**What to produce**: Output the entries that follow character for character. Leave every image out.

[[ Dataset entries open ]]

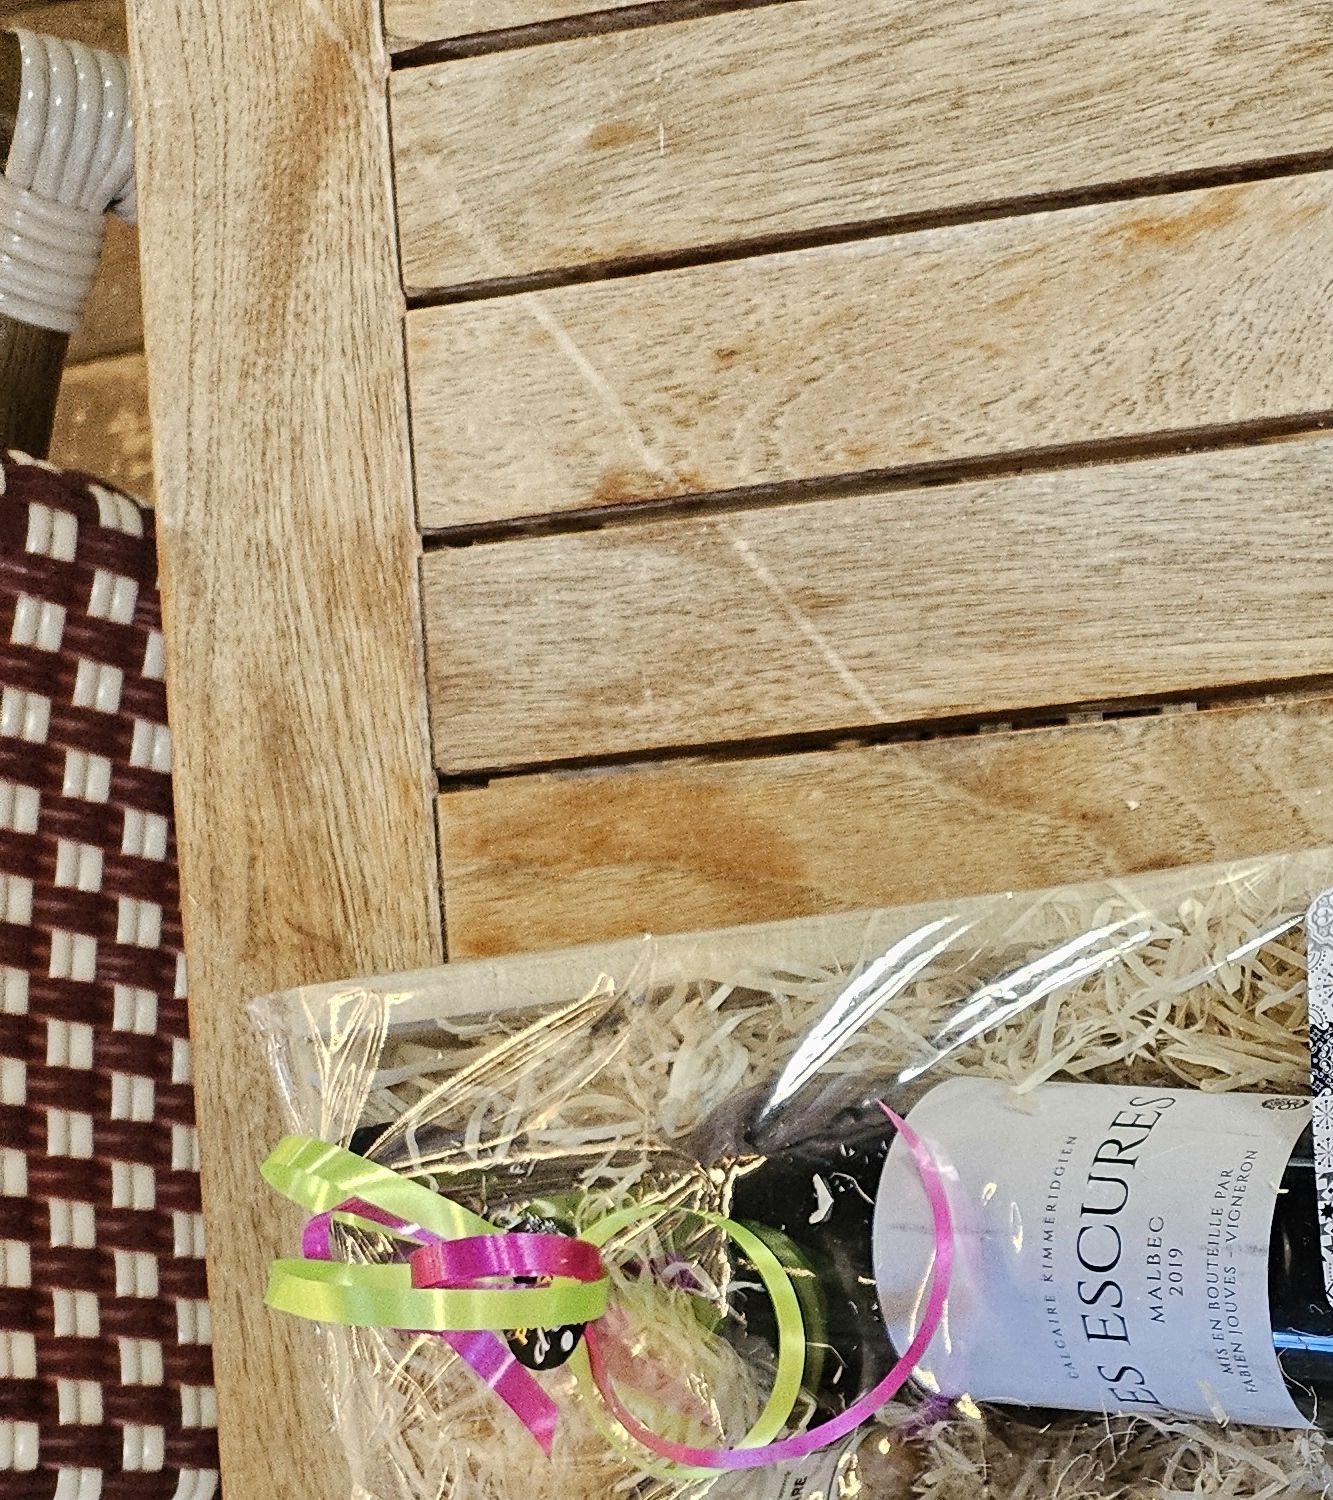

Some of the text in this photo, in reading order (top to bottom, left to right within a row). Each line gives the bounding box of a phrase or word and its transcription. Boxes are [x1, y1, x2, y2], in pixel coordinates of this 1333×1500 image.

[1041, 1134, 1079, 1379] CALCAIRE KIMMERIDGIEN
[1076, 1096, 1177, 1346] ESCURES
[1147, 1215, 1166, 1323] MALBEC
[1168, 1246, 1183, 1296] 2019
[1206, 1169, 1234, 1375] MIS EN BOUTEILLE PAR
[1224, 1149, 1259, 1394] FABIEN JOUVES VIGNERON

[[ Dataset entries closed ]]

**Response below**:
Some of the text in this photo, in reading order (top to bottom, left to right within a row). Each line gives the bounding box of a phrase or word and its transcription. Boxes are [x1, y1, x2, y2], in pixel coordinates of this 1333×1500 image.

[1041, 1134, 1079, 1379] CALCAIRE KIMMERIDGIEN
[1076, 1096, 1177, 1346] ESCURES
[1147, 1215, 1166, 1323] MALBEC
[1168, 1246, 1183, 1296] 2019
[1206, 1169, 1234, 1375] MIS EN BOUTEILLE PAR
[1224, 1149, 1259, 1394] FABIEN JOUVES VIGNERON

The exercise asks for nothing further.